E-books have taken over

This year, in terms of revenue, e-books are now the best-selling book format. E-books now outsell trade paperbacks, mass market paperbacks, and hardcovers. Hardcover sales haven’t declined in the past year, but trade paperback sales (think how-to nonfiction titles) are down 10.5% and mass market paperbacks (think popular fiction) are down an astounding 20.8%.

I don’t think this is a big surprise to anyone. We like our instant gratification, and e-books certainly are that. And besides instant gratification, e-readers allow one to carry an entire library of books in a device small enough to fit in a pocket. And publishers like them because it destroys the secondhand market.

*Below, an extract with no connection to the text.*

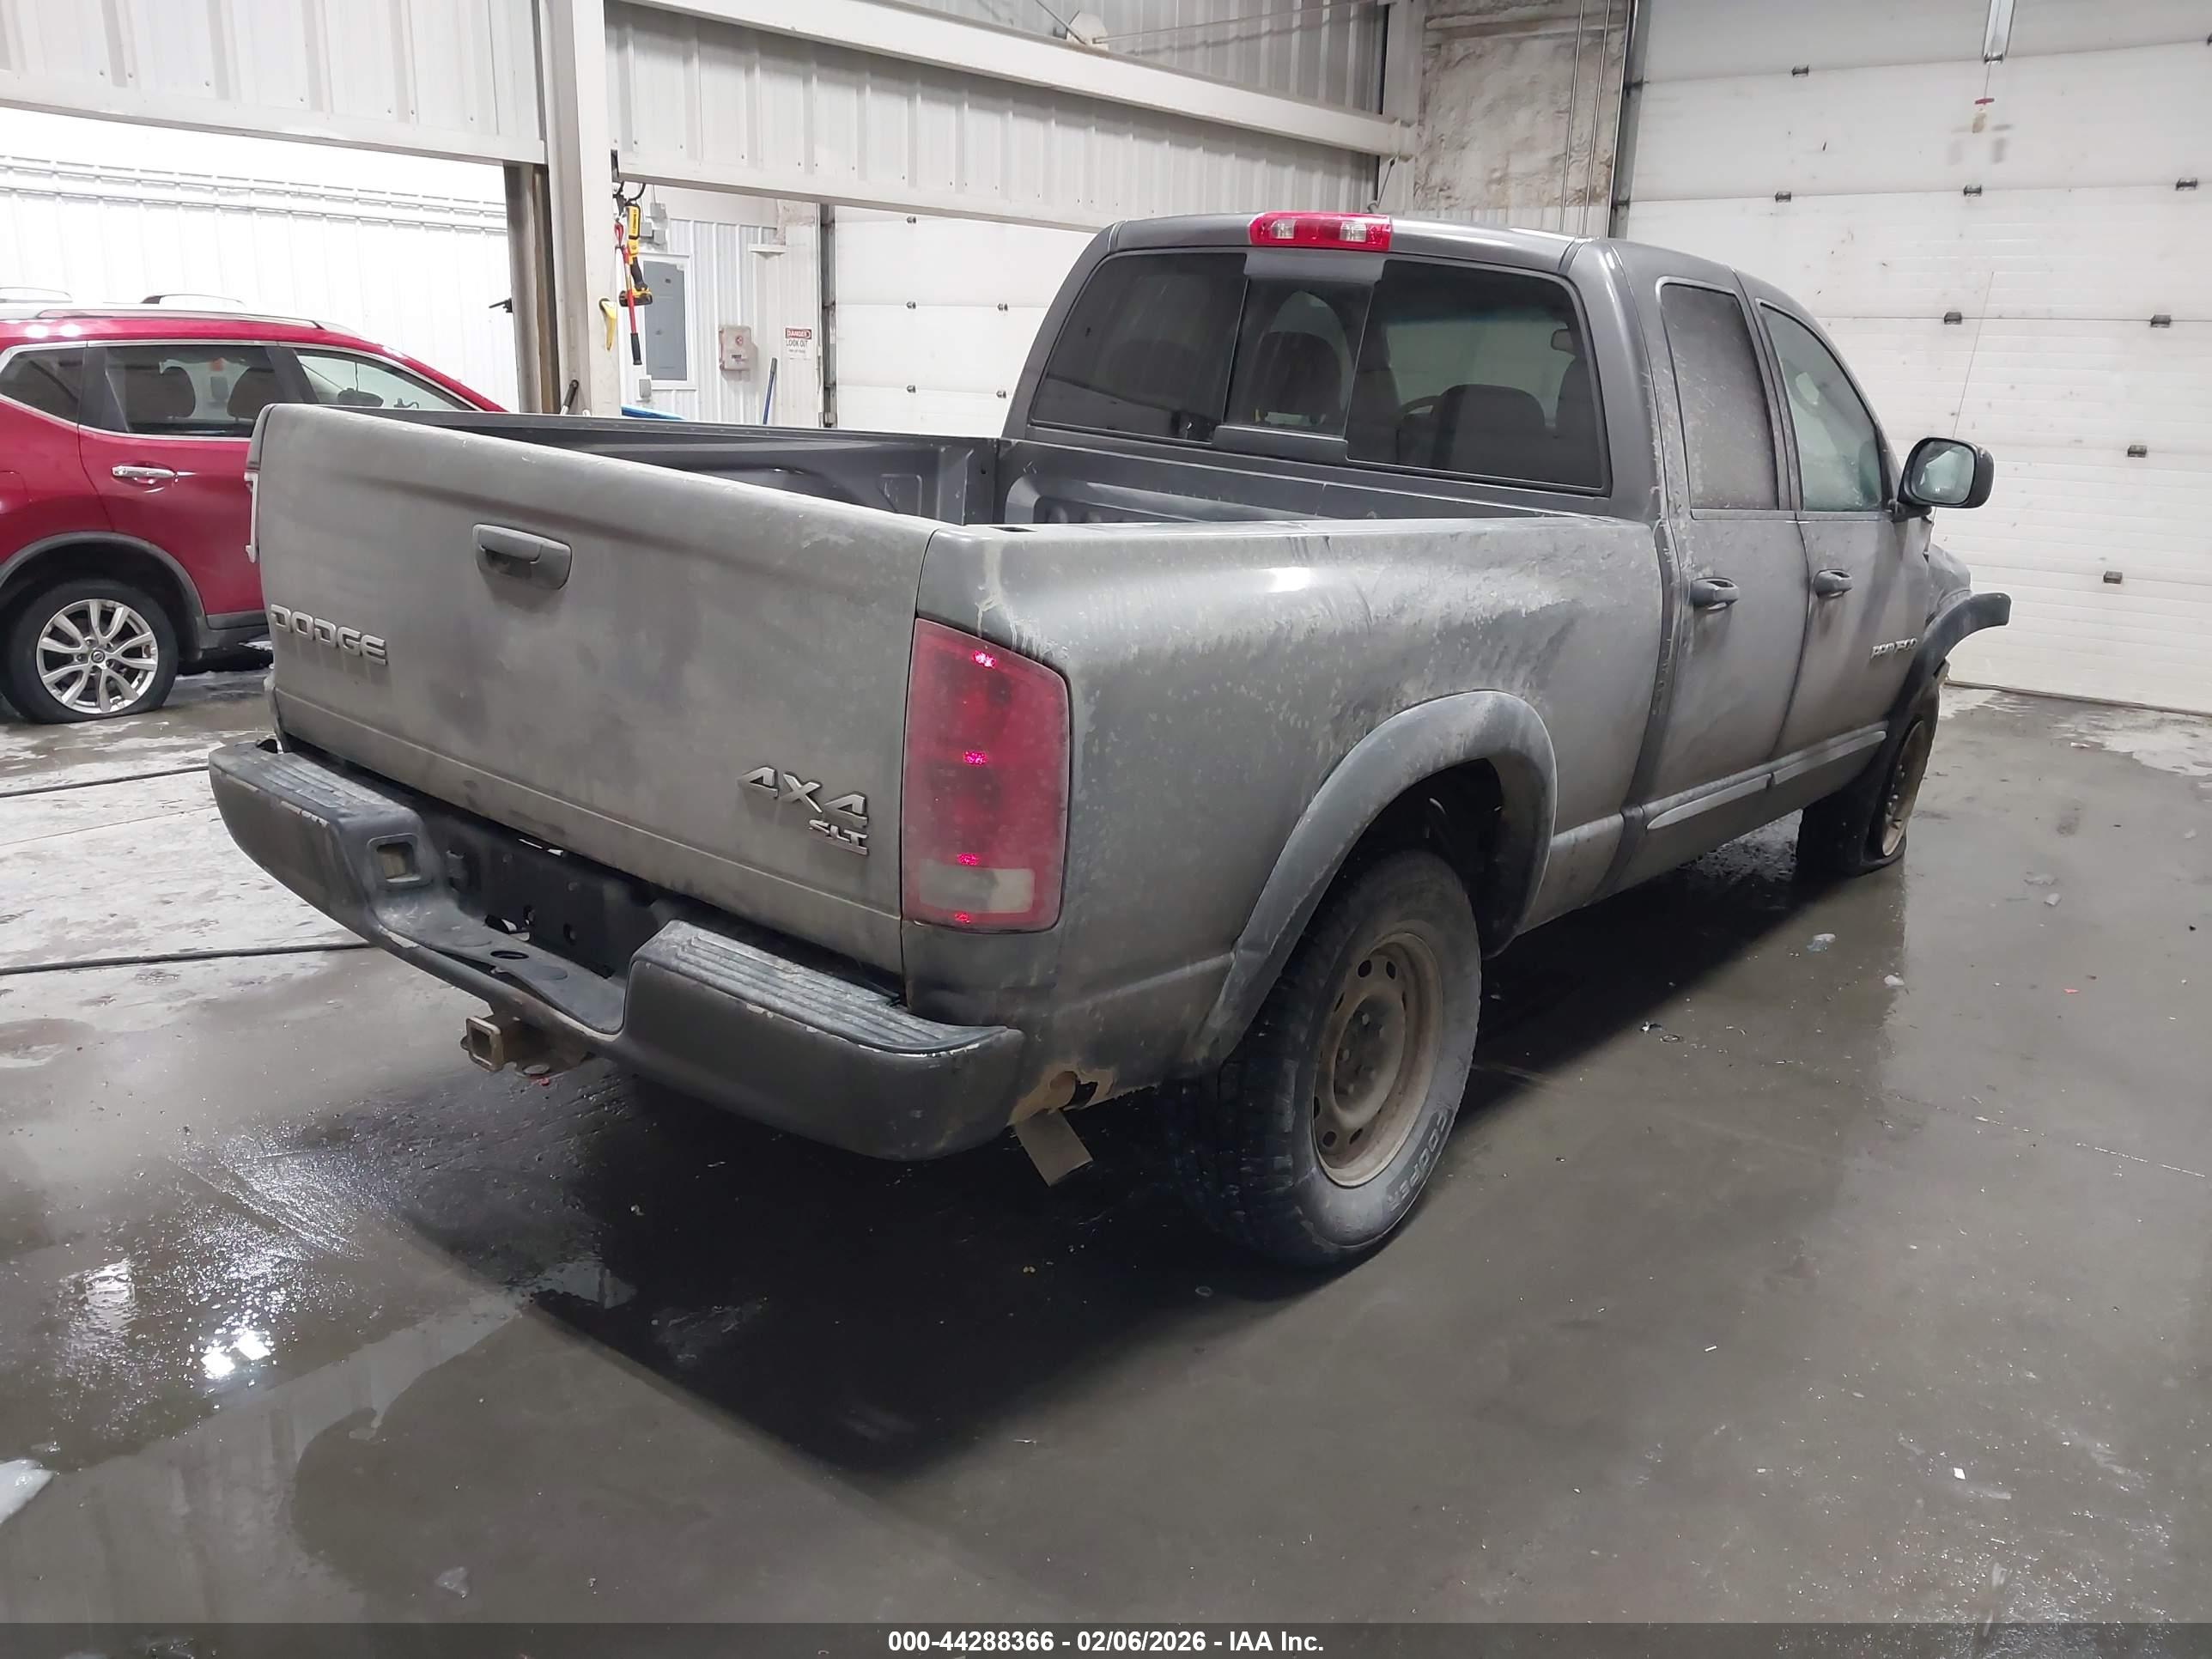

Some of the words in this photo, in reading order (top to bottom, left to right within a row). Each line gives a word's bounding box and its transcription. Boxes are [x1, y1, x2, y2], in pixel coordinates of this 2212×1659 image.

[787, 330, 807, 338] DANGER
[270, 604, 388, 665] DODGE
[808, 818, 869, 851] SLT
[1387, 1112, 1449, 1212] COOPER

The surprise, to some, is that hardcover sales experienced a slight uptick while paperback sales took a dive. I think there’s a good explanation for that. People buy paperbacks to consume. They buy them, read them, then discard them when they’re finished with them. “Discard” might mean throwing them out, selling them for a quarter at a garage sale, or trading them in at a used book store. Hardcover books are a collectible and a status symbol. People buy copies of favorite authors, preferably first editions whenever possible, and hold on to them and display them. They may even buy both the hardcover and paperback, and read the paperback. Or the e-book, these days.

So why are hardcover sales up? The economy’s a bit better than it was a year ago.